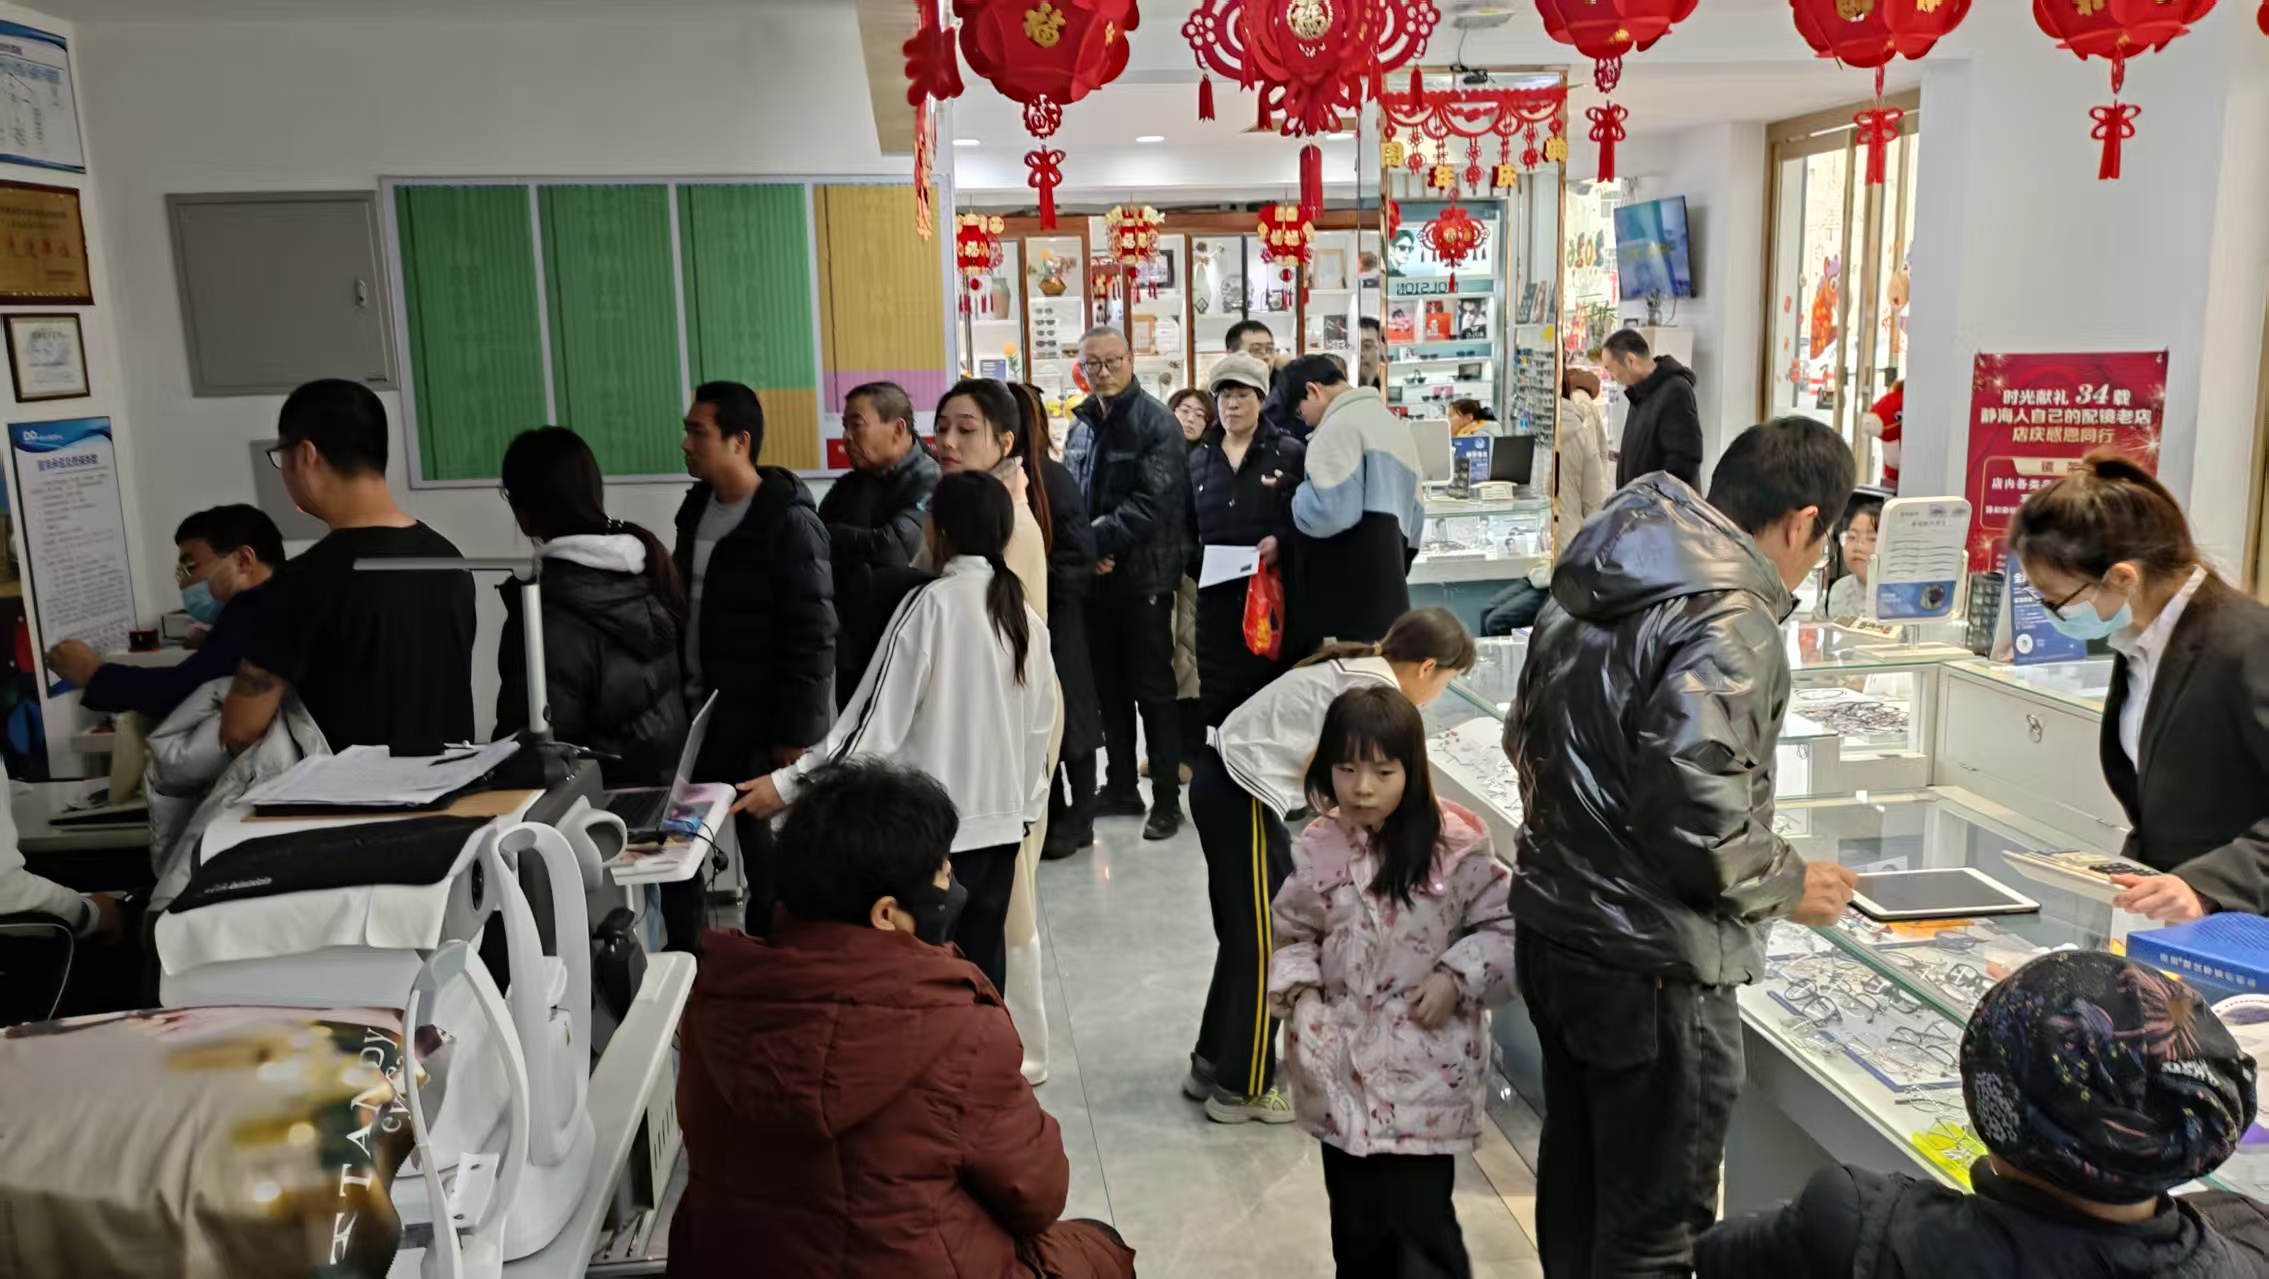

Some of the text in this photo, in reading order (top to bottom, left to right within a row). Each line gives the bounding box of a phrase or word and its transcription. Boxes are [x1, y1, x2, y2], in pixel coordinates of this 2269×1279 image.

[2003, 383, 2131, 406] 时光献礼 34 载
[1980, 408, 2152, 424] 静海人自己的配镜老店
[2012, 427, 2115, 443] 店庆感恩同行
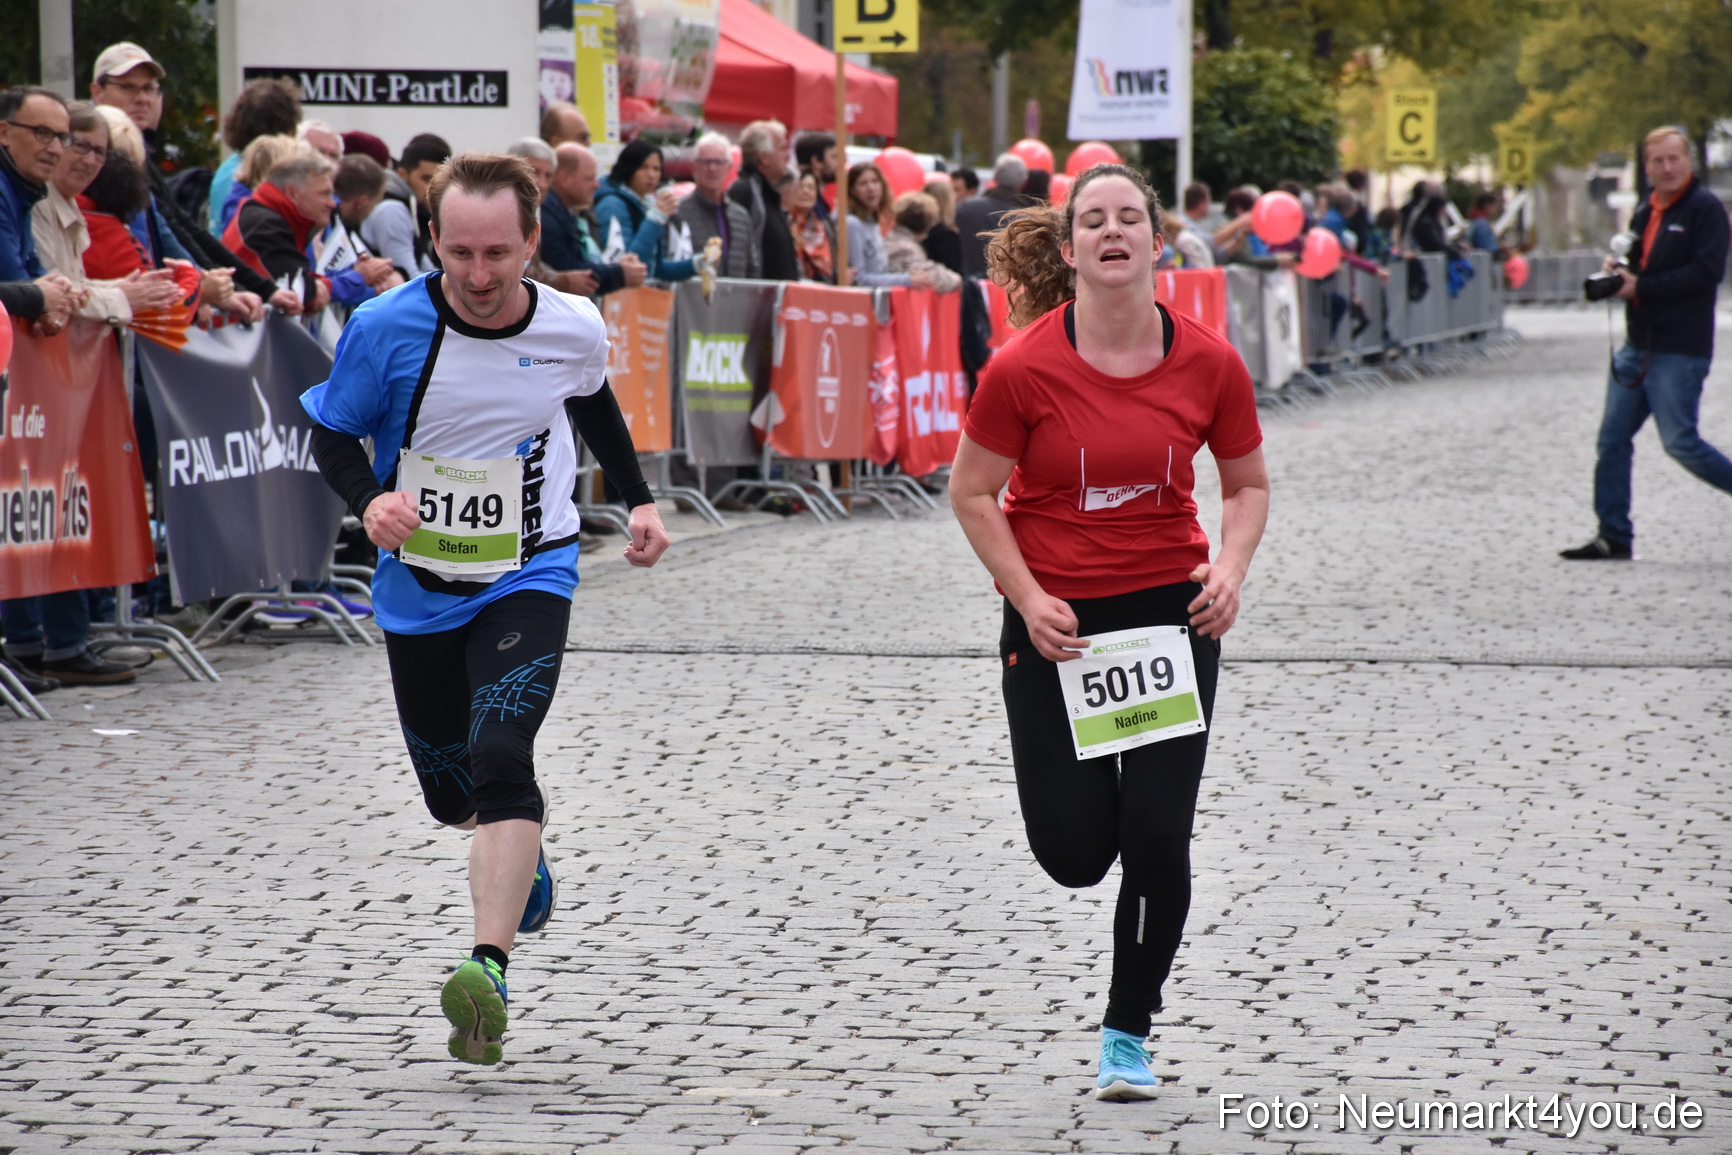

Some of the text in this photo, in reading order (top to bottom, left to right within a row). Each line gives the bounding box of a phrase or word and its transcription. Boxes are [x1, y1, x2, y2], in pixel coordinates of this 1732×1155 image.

[300, 73, 499, 103] MINI-Partl.de
[1399, 112, 1421, 144] C
[446, 467, 487, 480] BOCK
[1106, 485, 1135, 502] DEHN
[418, 487, 503, 529] 5149
[438, 539, 478, 554] Stefan
[1105, 638, 1150, 652] BOCK
[1081, 656, 1175, 708] 5019
[1114, 709, 1158, 730] Nadine
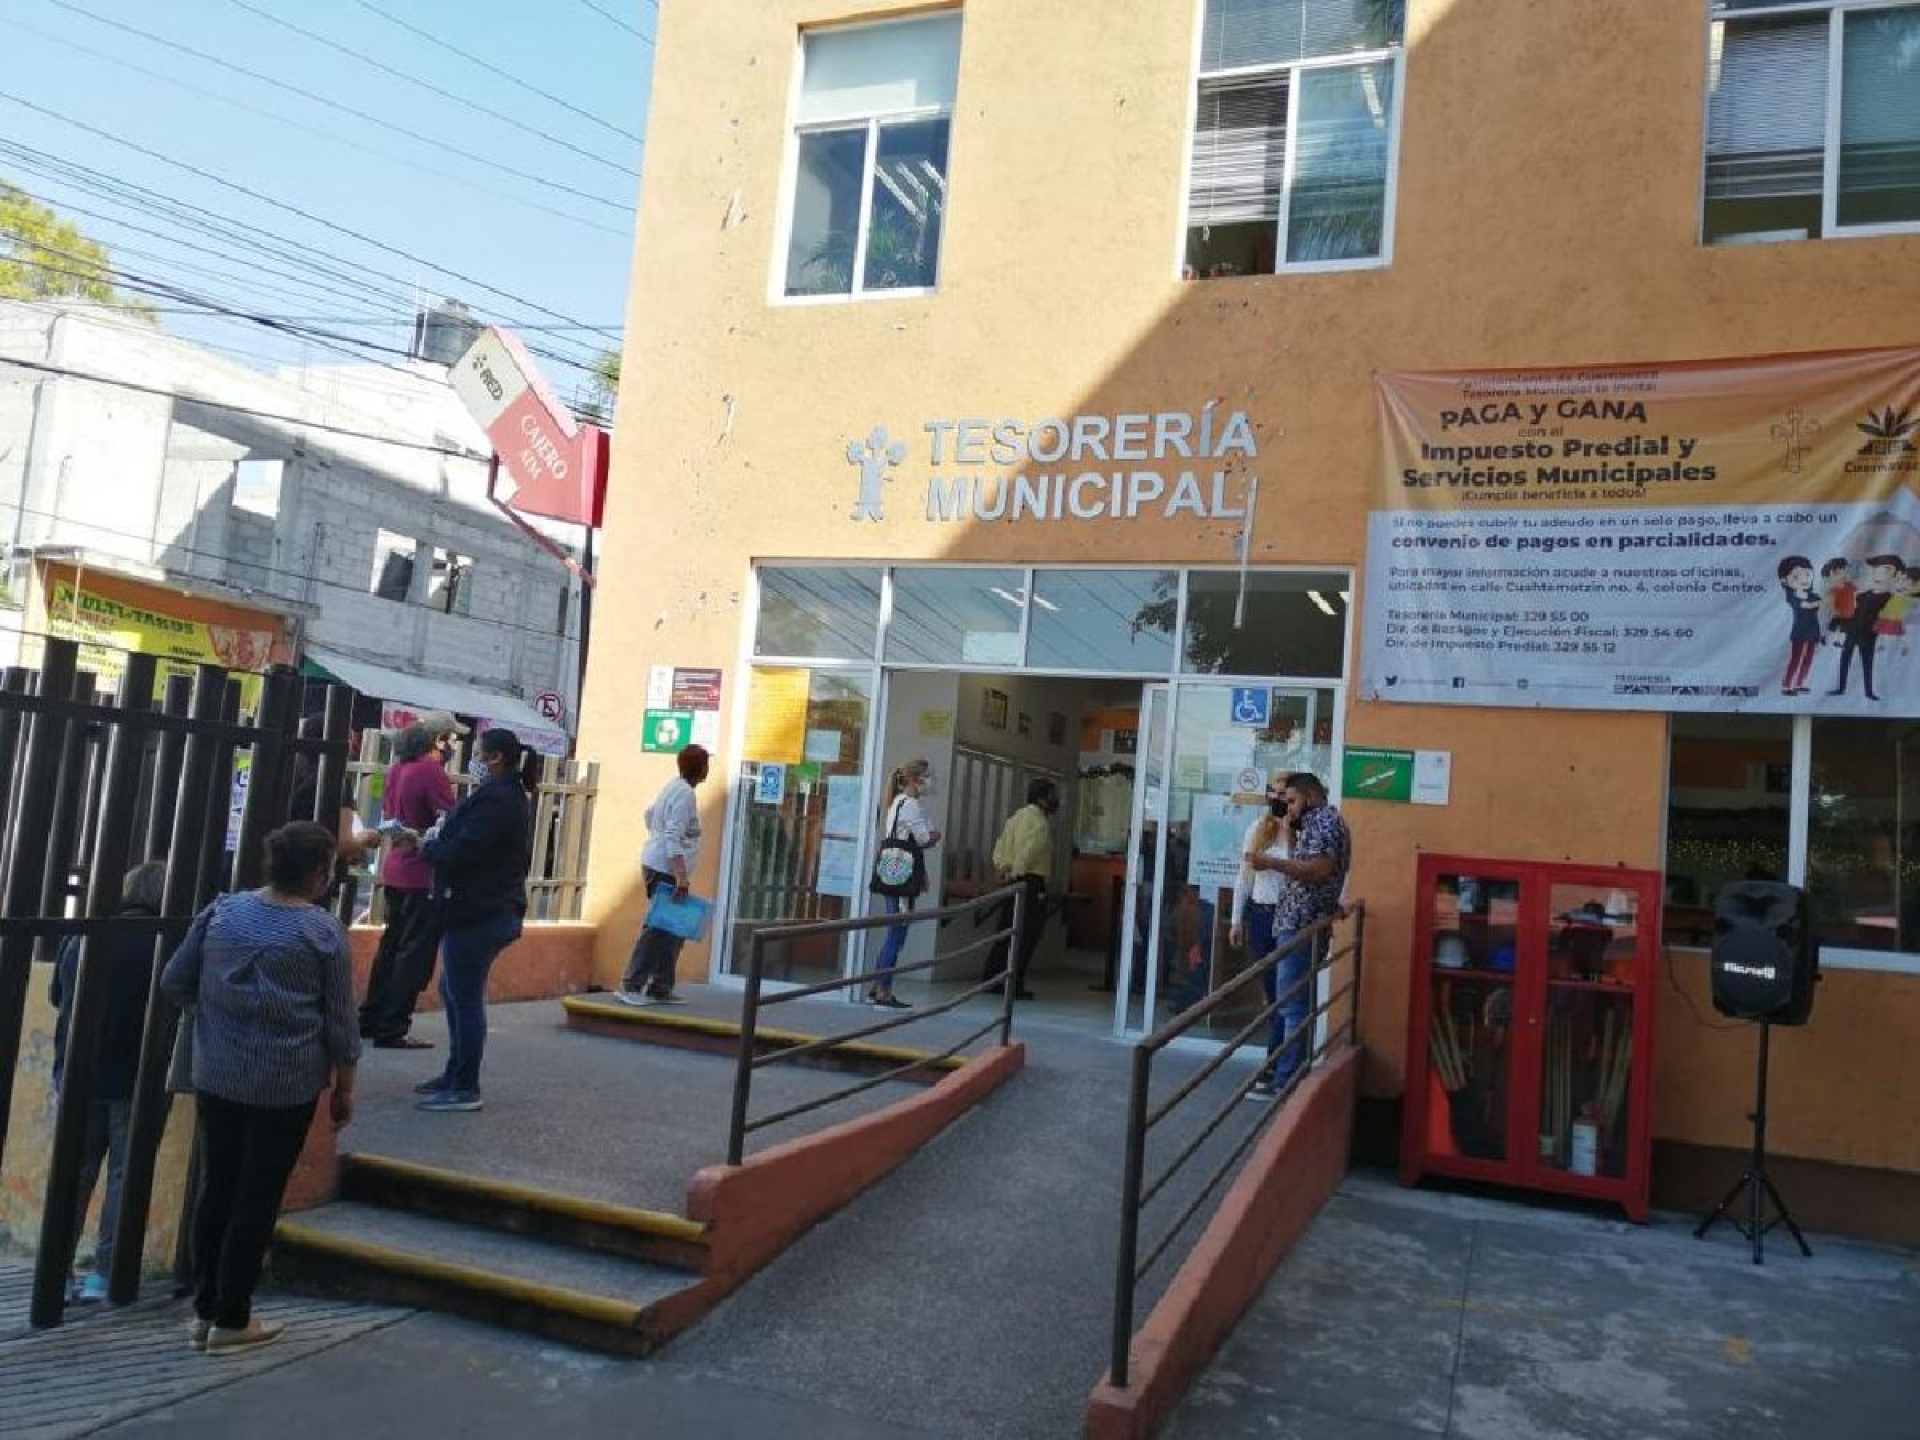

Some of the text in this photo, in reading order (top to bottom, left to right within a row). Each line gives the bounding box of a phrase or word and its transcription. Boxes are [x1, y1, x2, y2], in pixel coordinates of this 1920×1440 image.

[1440, 399, 1648, 431] PAGA y GANA
[923, 397, 1259, 466] TESORERÍA
[1518, 424, 1563, 438] con el
[520, 414, 569, 480] CAJERO
[1421, 434, 1697, 466] Impuesto Predial y
[1403, 460, 1716, 487] Servicios Municipales
[925, 471, 1247, 522] MUNICIPAL
[1602, 487, 1647, 499] todos!
[1407, 516, 1423, 527] no
[1427, 516, 1474, 529] puedes
[1478, 515, 1518, 528] cubrir
[1524, 516, 1537, 527] tu
[1541, 515, 1594, 527] adeudo
[1600, 517, 1616, 526] en
[1622, 517, 1639, 526] un
[1645, 514, 1673, 526] solo
[1678, 514, 1720, 527] pago,
[1723, 512, 1758, 524] lleva
[1763, 514, 1772, 524] a
[1776, 511, 1813, 524] cabo
[1819, 512, 1838, 524] un
[1392, 531, 1777, 553] convenio de pagos en parcialidades.
[1389, 566, 1418, 578] Para
[1422, 567, 1462, 579] mayor
[1466, 565, 1549, 578] información
[1553, 566, 1596, 578] acude
[1613, 567, 1678, 578] nuestras
[1451, 584, 1466, 593] en
[1472, 581, 1501, 593] calle
[1654, 581, 1707, 593] colonia
[1570, 611, 1589, 622] 00
[1413, 624, 1428, 634] de
[1623, 628, 1649, 638] 329
[1431, 639, 1494, 651] Impuesto
[1554, 642, 1579, 653] 329
[1583, 642, 1598, 653] 55
[1603, 643, 1616, 653] 12

▬▬▬▬▬▬▬▬▬▬

▶ What you need to do
Every record, from top to bottom, gets written out exactly; no picture goes into the copy.

▶ Expected answer
Some of the text in this photo, in reading order (top to bottom, left to right within a row). Each line gives the bounding box of a phrase or word and its transcription. Boxes are [x1, y1, x2, y2], in pixel coordinates of this 2269×1279 image.

[2003, 383, 2131, 406] 时光献礼 34 载
[1980, 408, 2152, 424] 静海人自己的配镜老店
[2012, 427, 2115, 443] 店庆感恩同行

Some of the text in this photo, in reading order (top to bottom, left to right within a row). Each line gives the bounding box of a phrase or word and its transcription. Boxes are [x1, y1, x2, y2], in pixel coordinates of this 1732×1155 image.

[300, 73, 499, 103] MINI-Partl.de
[1399, 112, 1421, 144] C
[446, 467, 487, 480] BOCK
[1106, 485, 1135, 502] DEHN
[418, 487, 503, 529] 5149
[438, 539, 478, 554] Stefan
[1105, 638, 1150, 652] BOCK
[1081, 656, 1175, 708] 5019
[1114, 709, 1158, 730] Nadine

Some of the text in this photo, in reading order (top to bottom, left to right within a row). Each line gives the bounding box of a phrase or word and its transcription. Boxes are [x1, y1, x2, y2], in pixel coordinates of this 1920×1440 image.

[1440, 399, 1648, 431] PAGA y GANA
[923, 397, 1259, 466] TESORERÍA
[1518, 424, 1563, 438] con el
[520, 414, 569, 480] CAJERO
[1421, 434, 1697, 466] Impuesto Predial y
[1403, 460, 1716, 487] Servicios Municipales
[925, 471, 1247, 522] MUNICIPAL
[1602, 487, 1647, 499] todos!
[1407, 516, 1423, 527] no
[1427, 516, 1474, 529] puedes
[1478, 515, 1518, 528] cubrir
[1524, 516, 1537, 527] tu
[1541, 515, 1594, 527] adeudo
[1600, 517, 1616, 526] en
[1622, 517, 1639, 526] un
[1645, 514, 1673, 526] solo
[1678, 514, 1720, 527] pago,
[1723, 512, 1758, 524] lleva
[1763, 514, 1772, 524] a
[1776, 511, 1813, 524] cabo
[1819, 512, 1838, 524] un
[1392, 531, 1777, 553] convenio de pagos en parcialidades.
[1389, 566, 1418, 578] Para
[1422, 567, 1462, 579] mayor
[1466, 565, 1549, 578] información
[1553, 566, 1596, 578] acude
[1613, 567, 1678, 578] nuestras
[1451, 584, 1466, 593] en
[1472, 581, 1501, 593] calle
[1654, 581, 1707, 593] colonia
[1570, 611, 1589, 622] 00
[1413, 624, 1428, 634] de
[1623, 628, 1649, 638] 329
[1431, 639, 1494, 651] Impuesto
[1554, 642, 1579, 653] 329
[1583, 642, 1598, 653] 55
[1603, 643, 1616, 653] 12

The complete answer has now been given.